What to work on:
Where a picture appears, omit it; repeat everything else in the records exactly.

Information shown:
━━━━━━━━━━━━━━━━━━━━━━━━━━━━━━
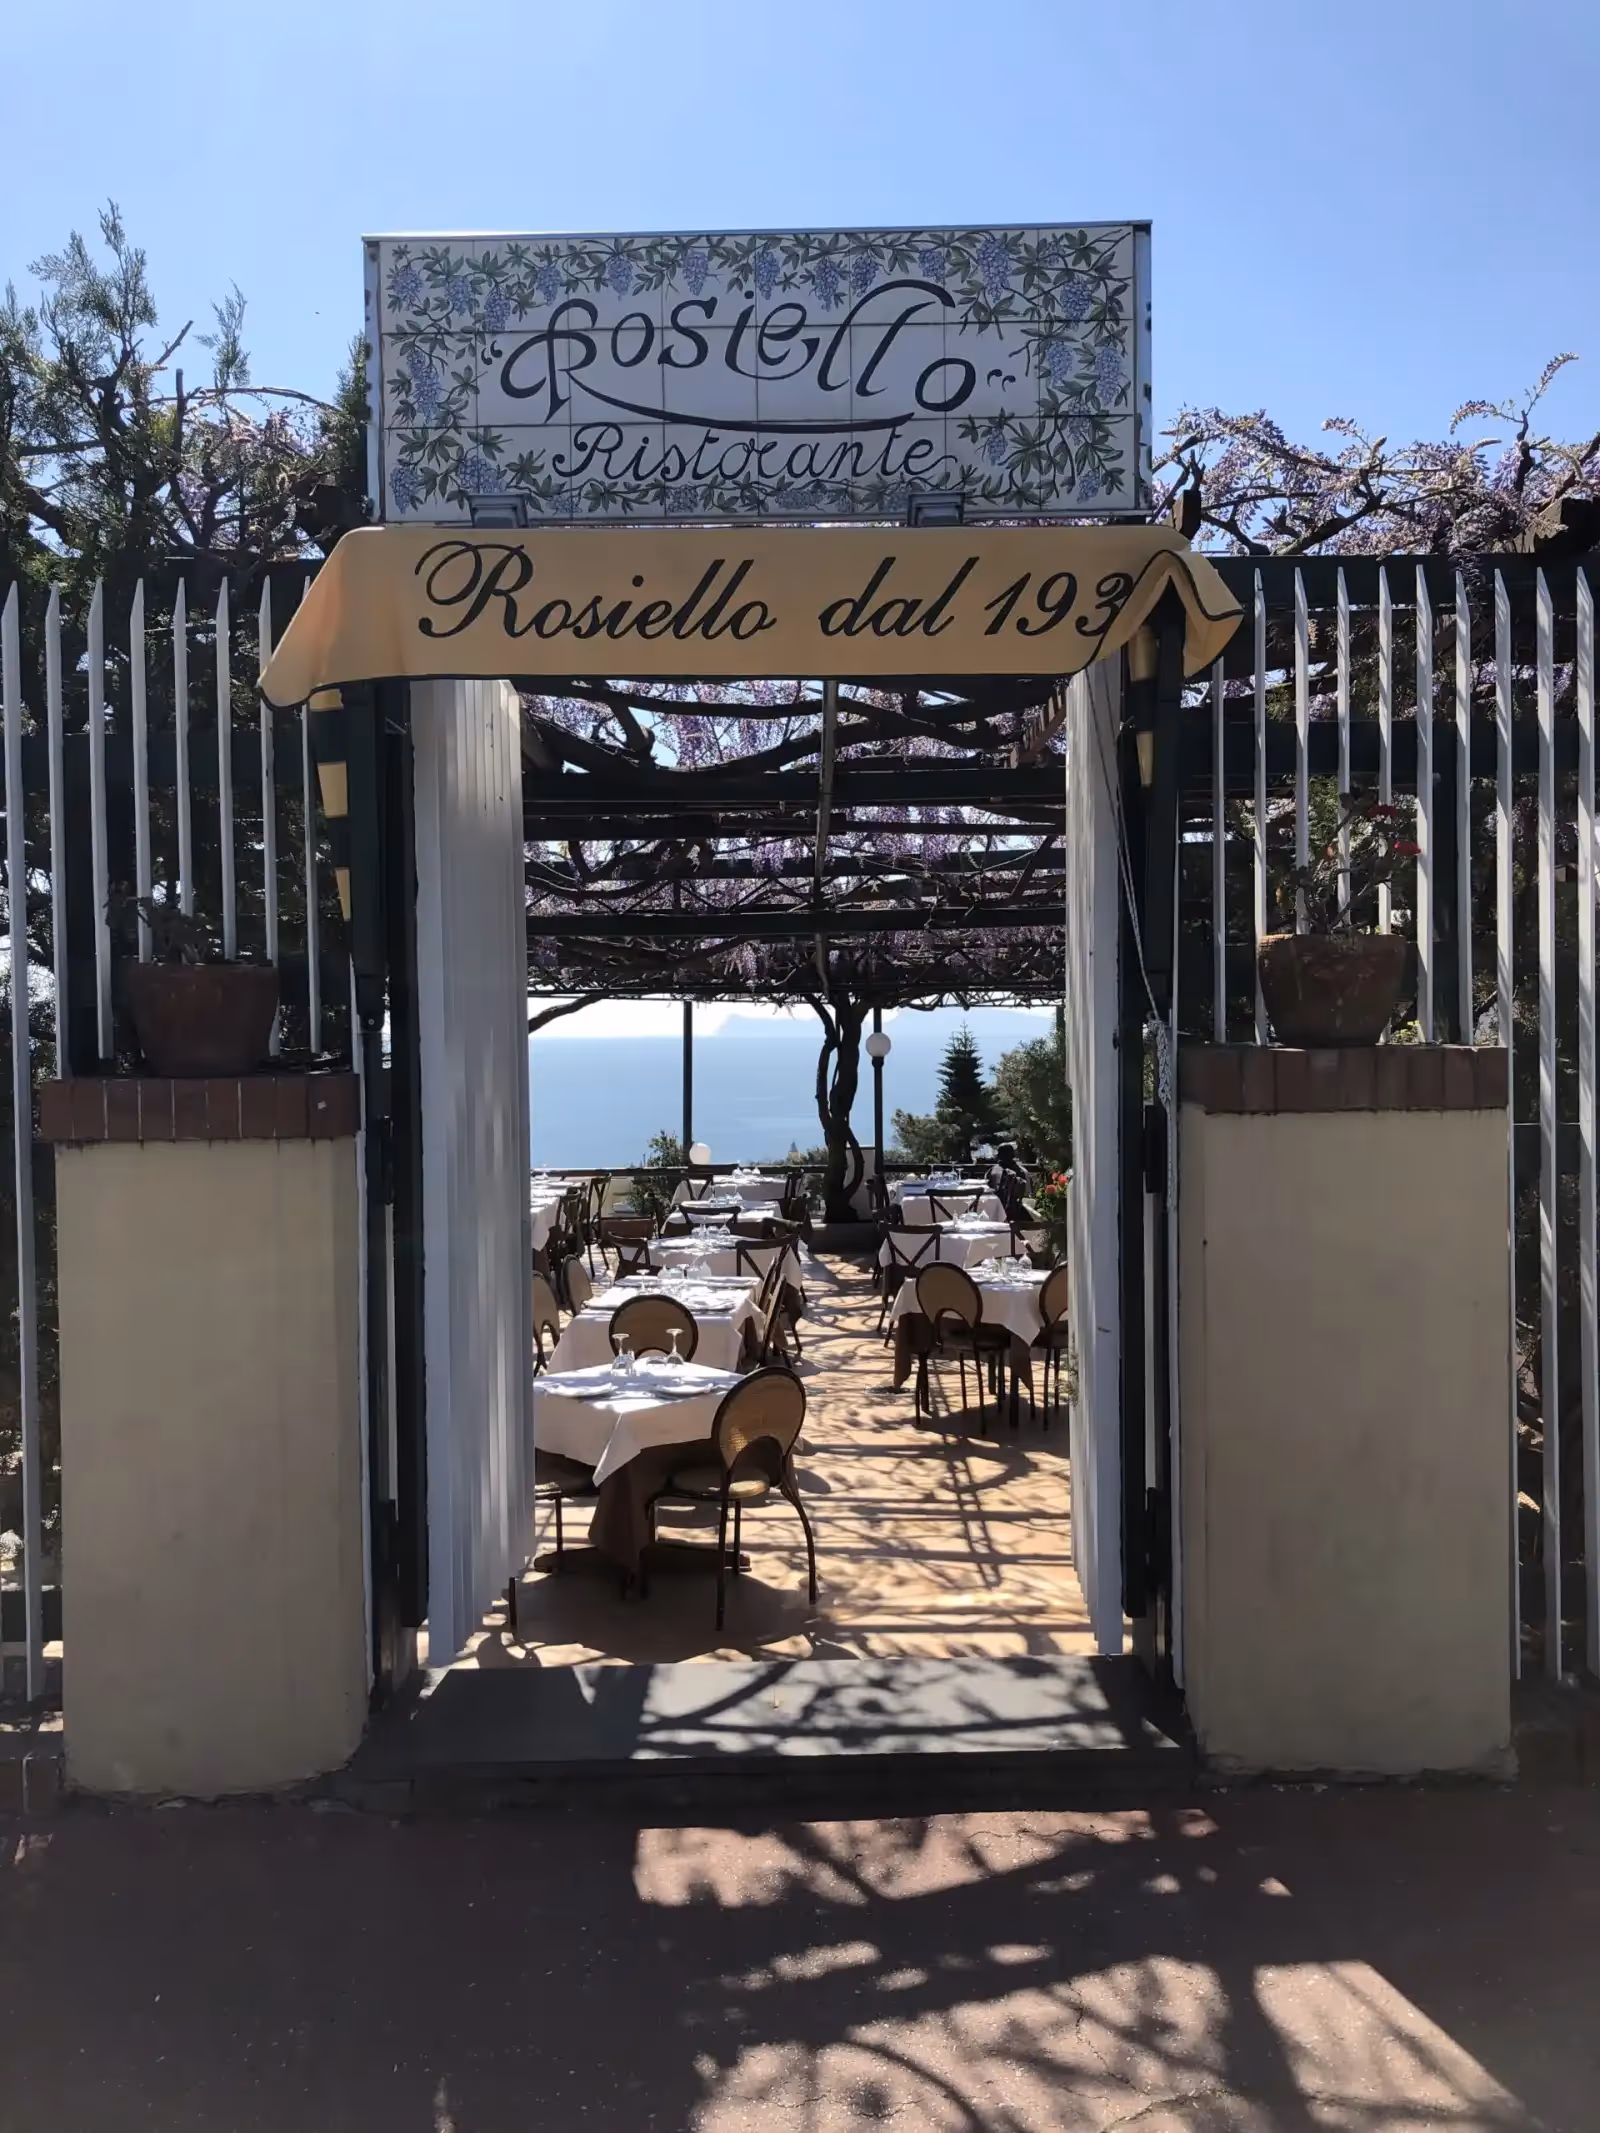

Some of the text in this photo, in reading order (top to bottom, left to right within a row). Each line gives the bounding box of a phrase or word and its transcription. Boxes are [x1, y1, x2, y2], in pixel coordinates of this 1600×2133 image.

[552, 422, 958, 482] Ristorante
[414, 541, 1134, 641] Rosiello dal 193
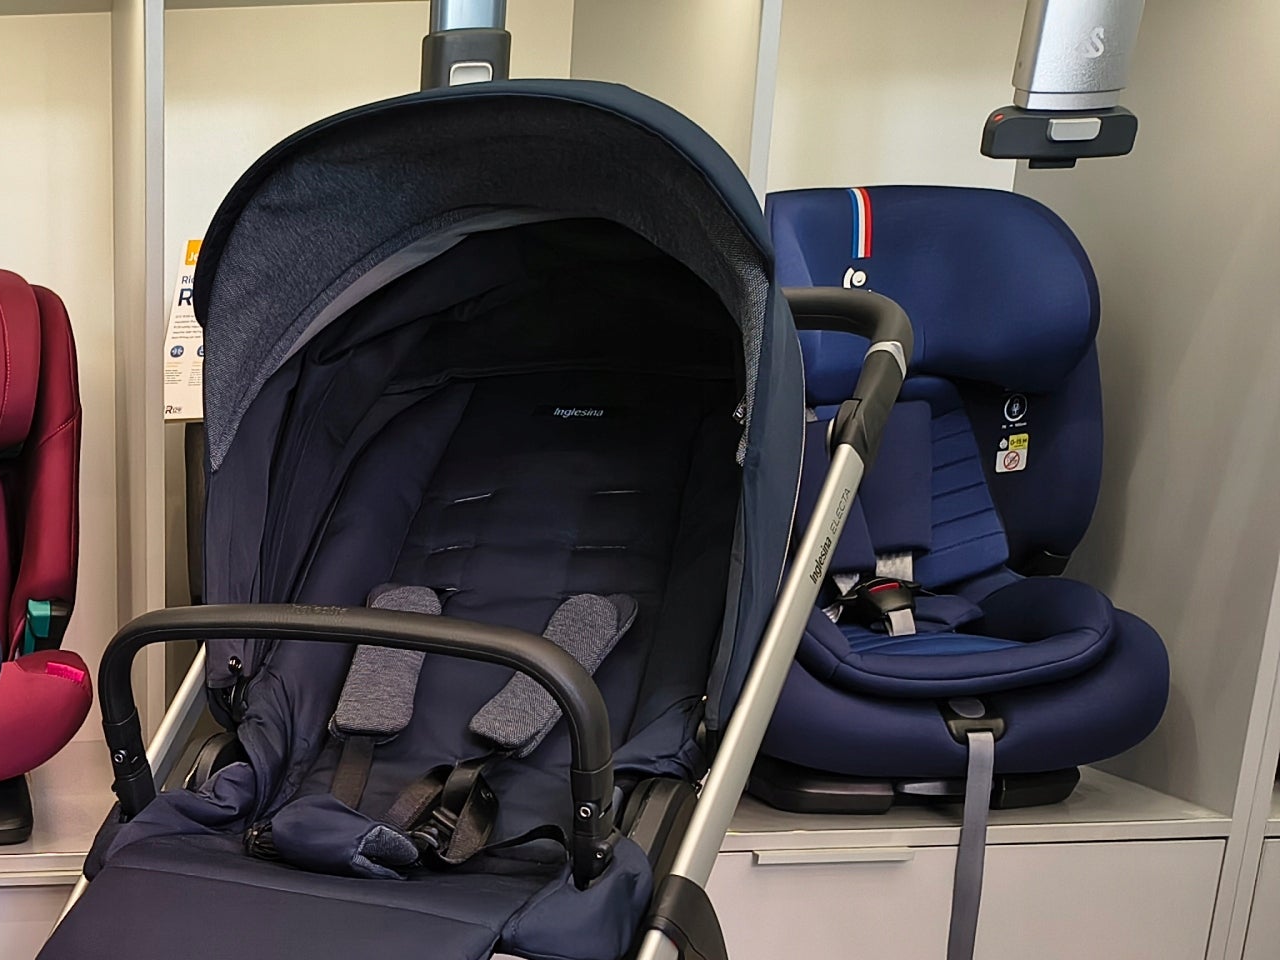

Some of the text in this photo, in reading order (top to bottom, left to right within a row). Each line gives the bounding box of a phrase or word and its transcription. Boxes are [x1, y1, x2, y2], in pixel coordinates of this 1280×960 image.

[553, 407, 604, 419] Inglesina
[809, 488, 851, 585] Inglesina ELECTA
━━━━━━━━━━━━━━━━━━━━━━━━━━━━━━
Response to this task:
Some of the text in this photo, in reading order (top to bottom, left to right within a row). Each line gives the bounding box of a phrase or word and its transcription. Boxes are [x1, y1, x2, y2], in pixel coordinates of this 1600×2133 image.

[552, 422, 958, 482] Ristorante
[414, 541, 1134, 641] Rosiello dal 193

Some of the text in this photo, in reading order (top to bottom, left to right within a row). Each line gives the bounding box of a phrase or word and its transcription. Boxes are [x1, y1, x2, y2], in pixel coordinates of this 1280×960 image.

[553, 407, 604, 419] Inglesina
[809, 488, 851, 585] Inglesina ELECTA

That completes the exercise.